I am sure plenty of people who didn't vote Conservative have had this feeling in the last fortnight, but then perhaps not. It is like having your head slowly but firmly submerged under water as you nod glassy assent. Dim and distantly through the water, dull Muzak further soothes you, an affectless, martial swing burbling interminably. You think vaguely of twisting or writhing, but there's nowhere really to turn.
It was that feeling that came over me today as David Cameron talked warmly across all news outlets about a few little things he plans to pop into the Queen's speech this year. Just a few treats as thanks to the public for his surprise majority.
The government would, he promised, tighten up the law - hardly lax now - on illegal earnings. Illegal in the sense of being earned by people without legal work permits, mind. Nothing about tax. That can wait. These illegal earnings are made by the dreaded "unskilled" - those sleepless undead yawning out of the scorched Krajina and intent on devouring our beleaguered benefits system. Fortress Welfare looks on and trembles.
Cameron will provide the police with sweeping powers to confiscate the wages of the lowest paid and most vulnerable people in the country. Never mind the gang masters. Never mind the traffickers. Never mind decent labour market regulation or the living wage. We need to "make Britain a less attractive place to work illegally." It will soon be such a noxious swamp that he might just get his way.
The logic of Cameron's position is basically simple: there is nothing you can do about employers, but you can punish workers. In his experience, the poor saps will basically take any shafting he can throw at them. It is probably mildly bemusing, but he is hardly going to question it. The PM has also had alarming fits of economic illiteracy in the past - like the time he politely suggested all indebted Brits pay off their credit cards at once.
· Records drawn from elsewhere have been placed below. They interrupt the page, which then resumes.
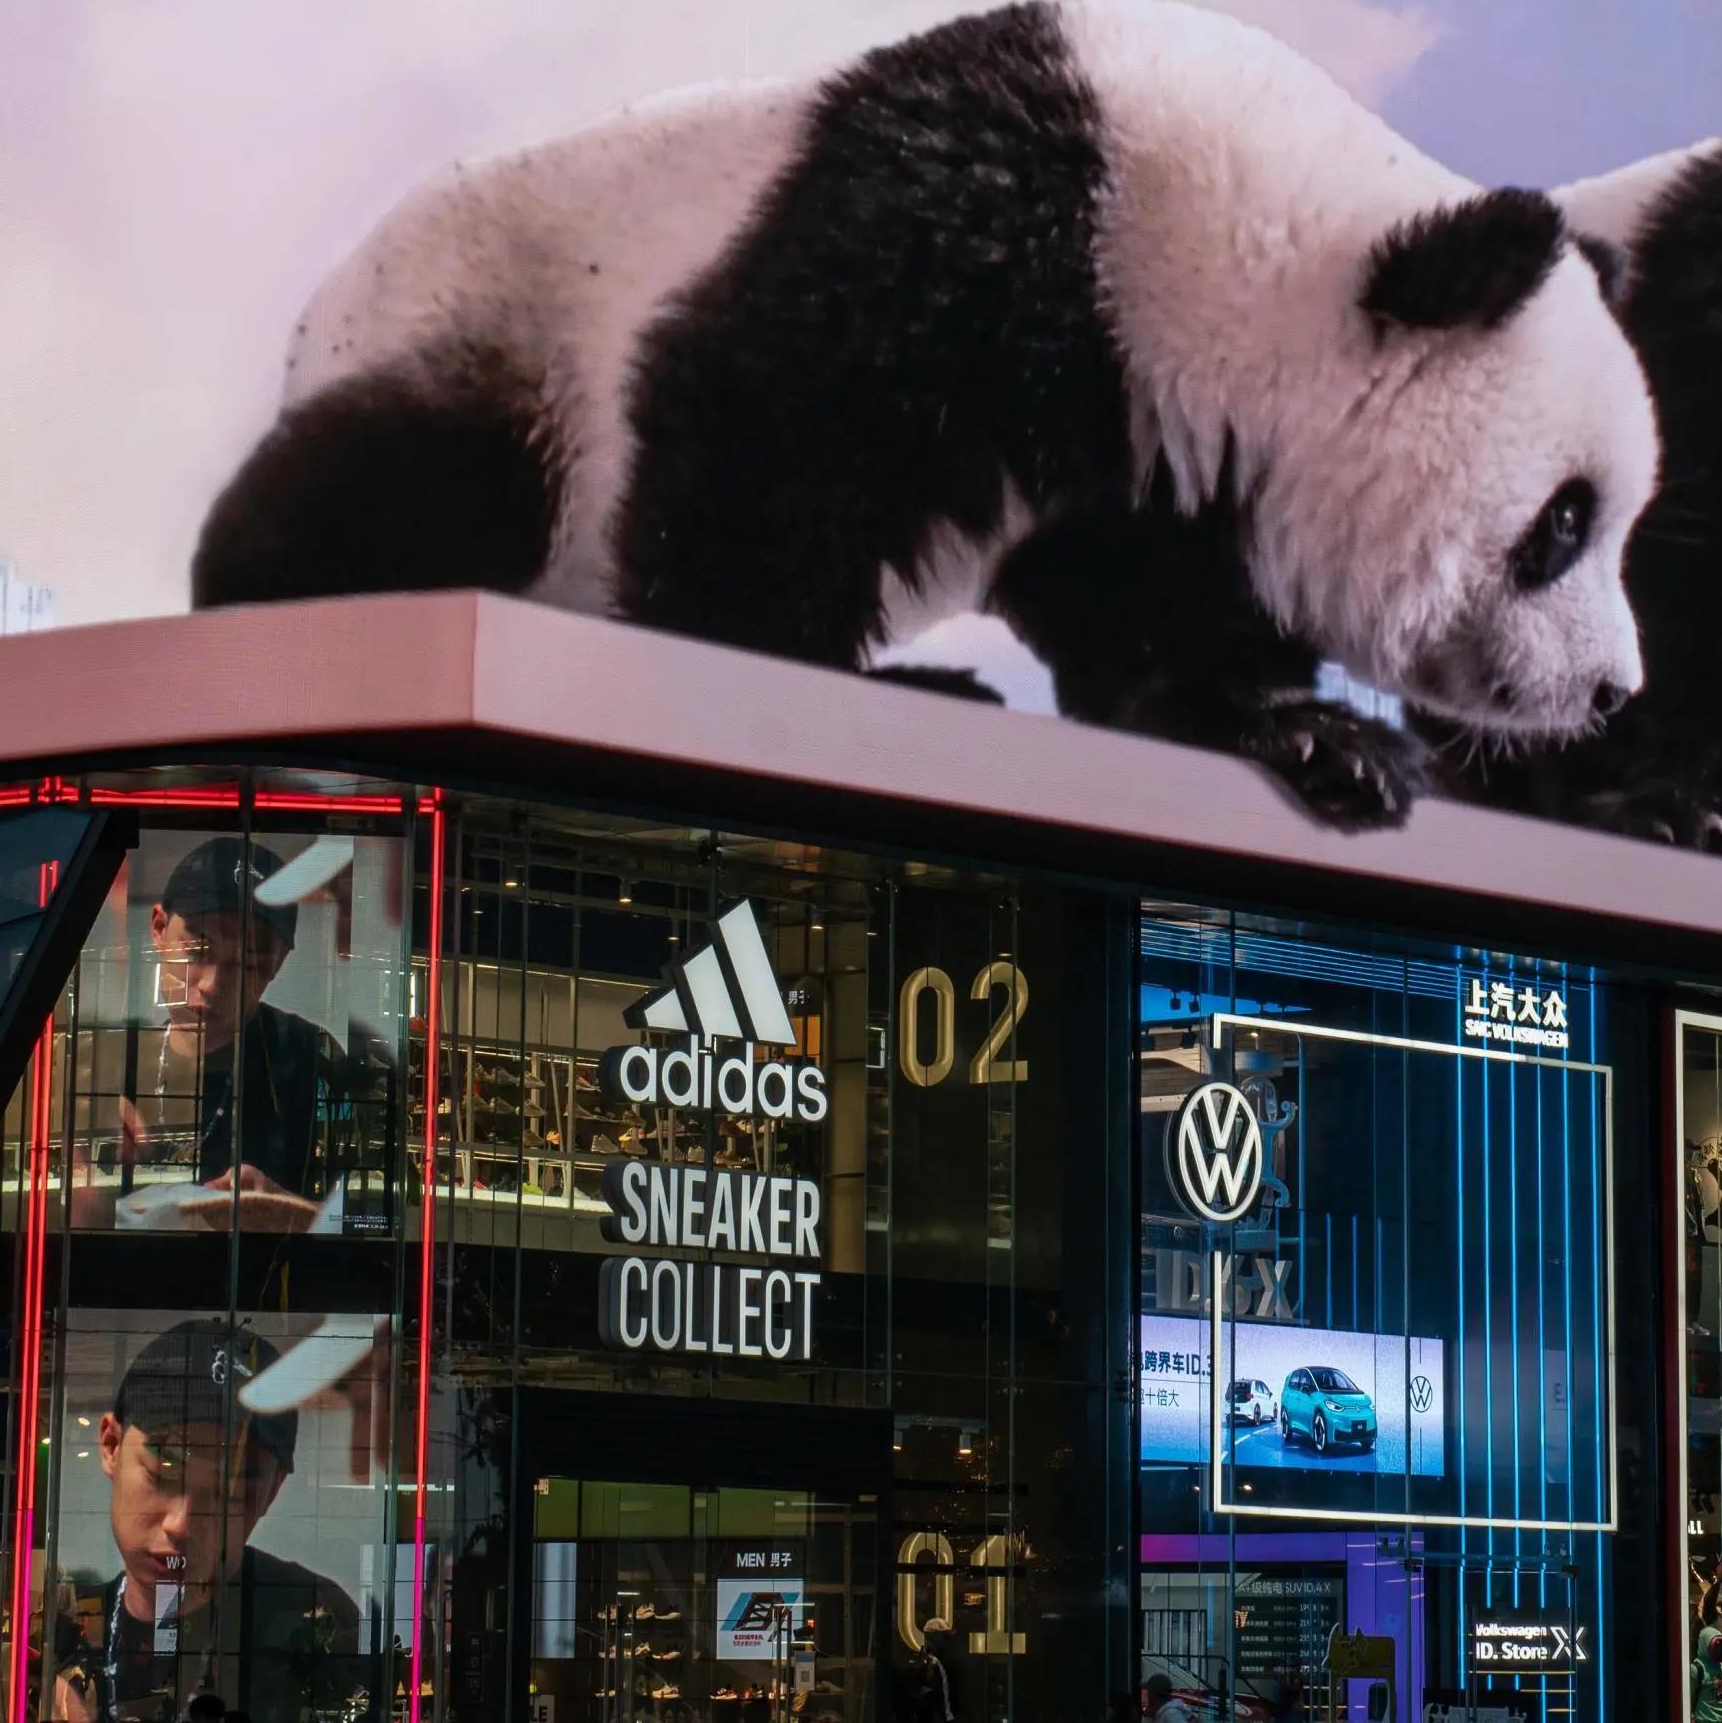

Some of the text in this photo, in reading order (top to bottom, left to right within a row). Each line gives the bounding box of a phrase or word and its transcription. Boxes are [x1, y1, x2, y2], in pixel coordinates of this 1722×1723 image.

[900, 962, 1029, 1087] 02
[1465, 978, 1568, 1028] 上汽大众
[619, 1033, 828, 1122] adidas
[620, 1161, 822, 1257] SNEAKER
[619, 1257, 822, 1360] COLLECT
[736, 1552, 792, 1568] MEN 男子
[897, 1531, 1027, 1655] 01
[1475, 1623, 1548, 1640] Volkswagen
[1475, 1642, 1499, 1660] ID.
[1501, 1641, 1548, 1660] Store
Never having wanted for much, perhaps it doesn't occur to him that demand is something that can be effectively stamped out when people have no cash. Here it is similar: apparently immigration puts a strain on welfare. No, it doesn't. Immigrants - like them or not - contribute more than they take out, by the billions. Unemployment and low wages put a strain on welfare because both reduce the government's tax intake.
Surely the Queen - lovely old dear that she is; that definition of haute bourgeois civility - won't swallow it? But what if even the Queen wants to send them home?
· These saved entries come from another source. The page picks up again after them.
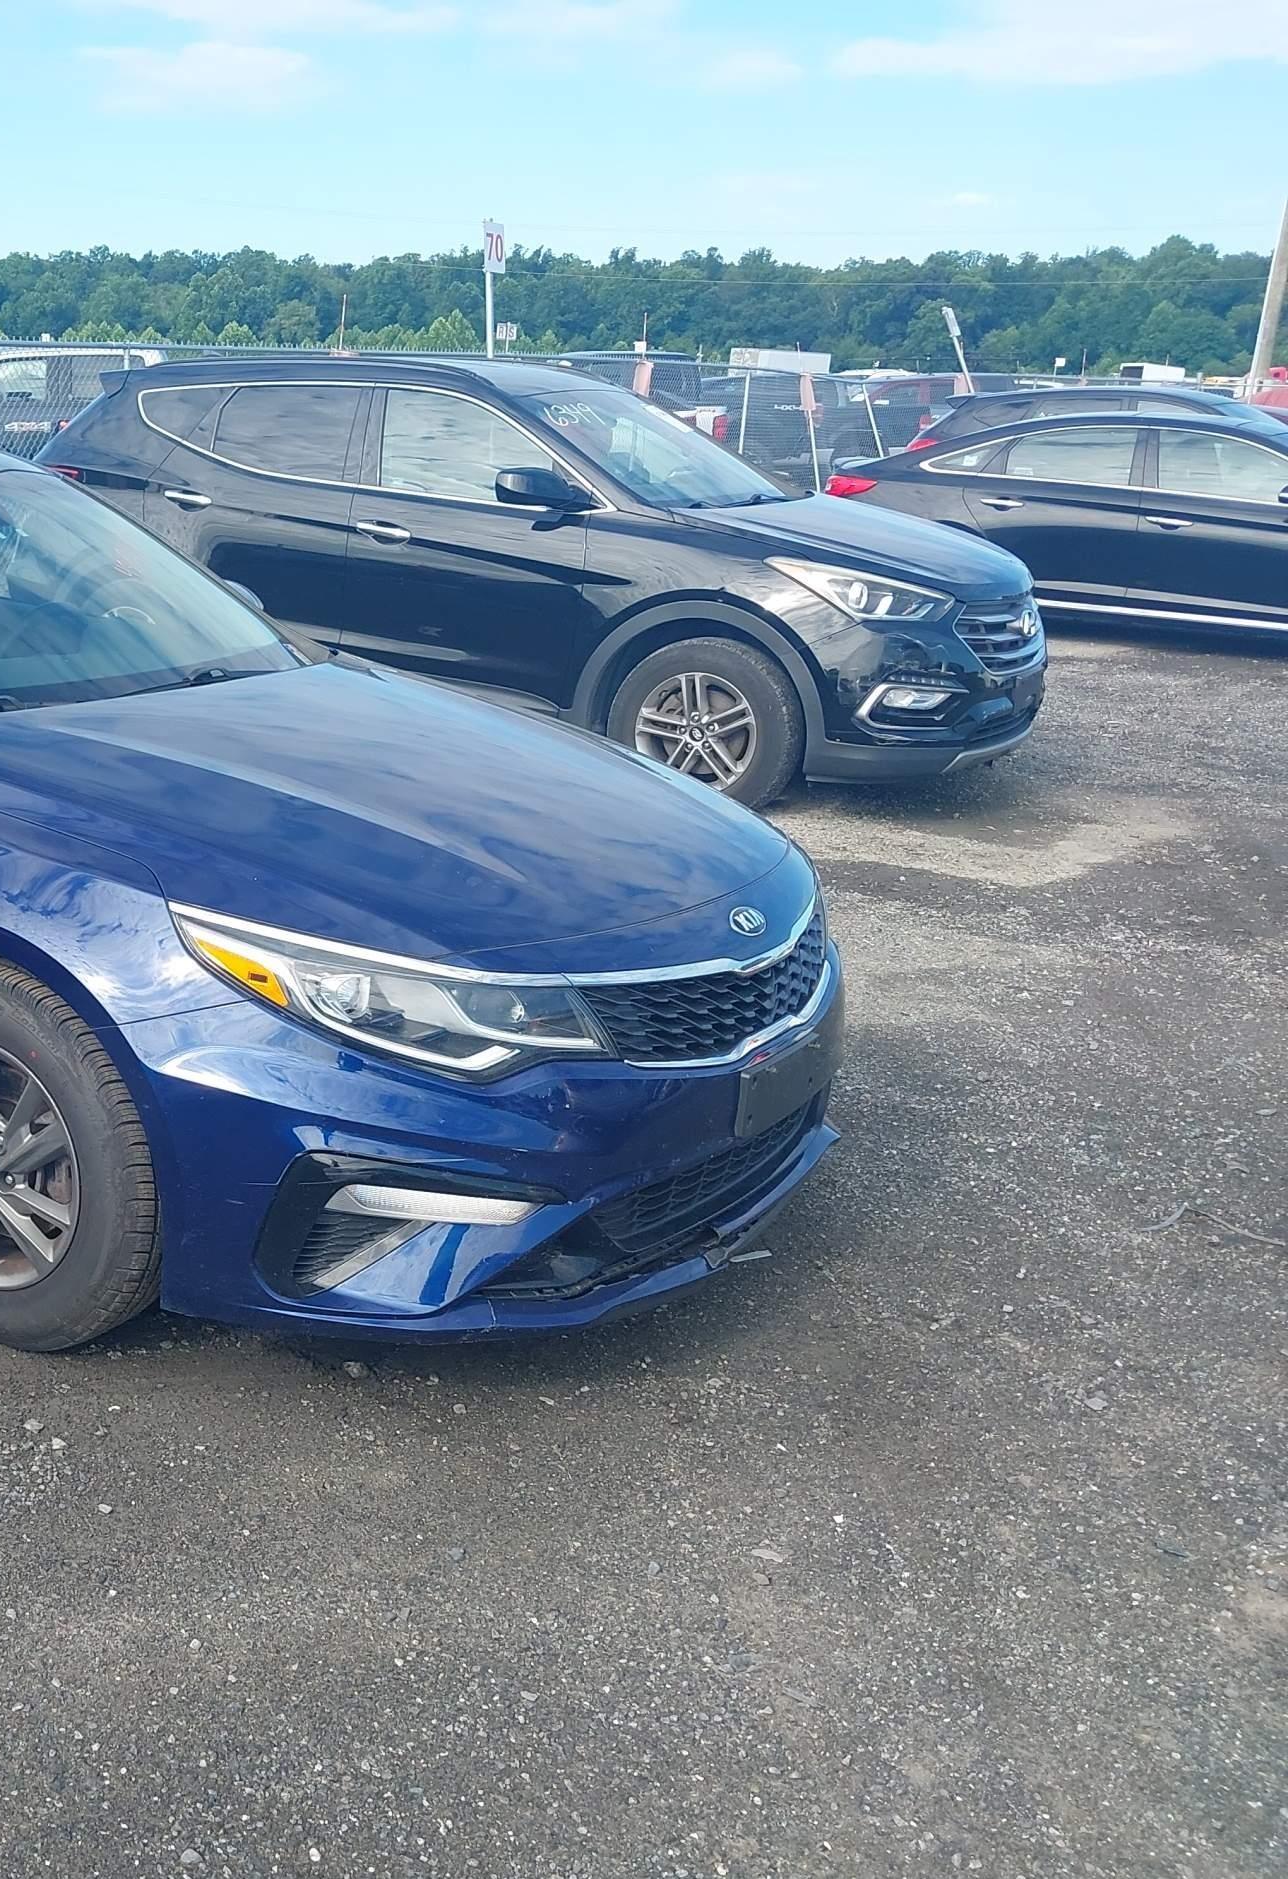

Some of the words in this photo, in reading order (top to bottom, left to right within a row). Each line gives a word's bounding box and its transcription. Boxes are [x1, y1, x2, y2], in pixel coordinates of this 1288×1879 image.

[486, 232, 503, 263] 70
[498, 327, 505, 337] R
[508, 327, 515, 337] S
[544, 402, 606, 427] 6349
[734, 909, 764, 931] KIA
This nasty consensus is not just nasty - it is also a farce. Attacking immigrants and/or the 'elites' who cater to them is a sort of wilfully blind fury, in which everyone gets to be angry and at the same time avoid taking real action. It is a fetish. Belief that immigration is an apocalyptic force allows people to simultaneously conceal and revel in their own political impotence. It is nihilism dressed up in vaguely Chiliastic, cultish frenzy. And I suppose that dull ringing in my ears stems from the same place.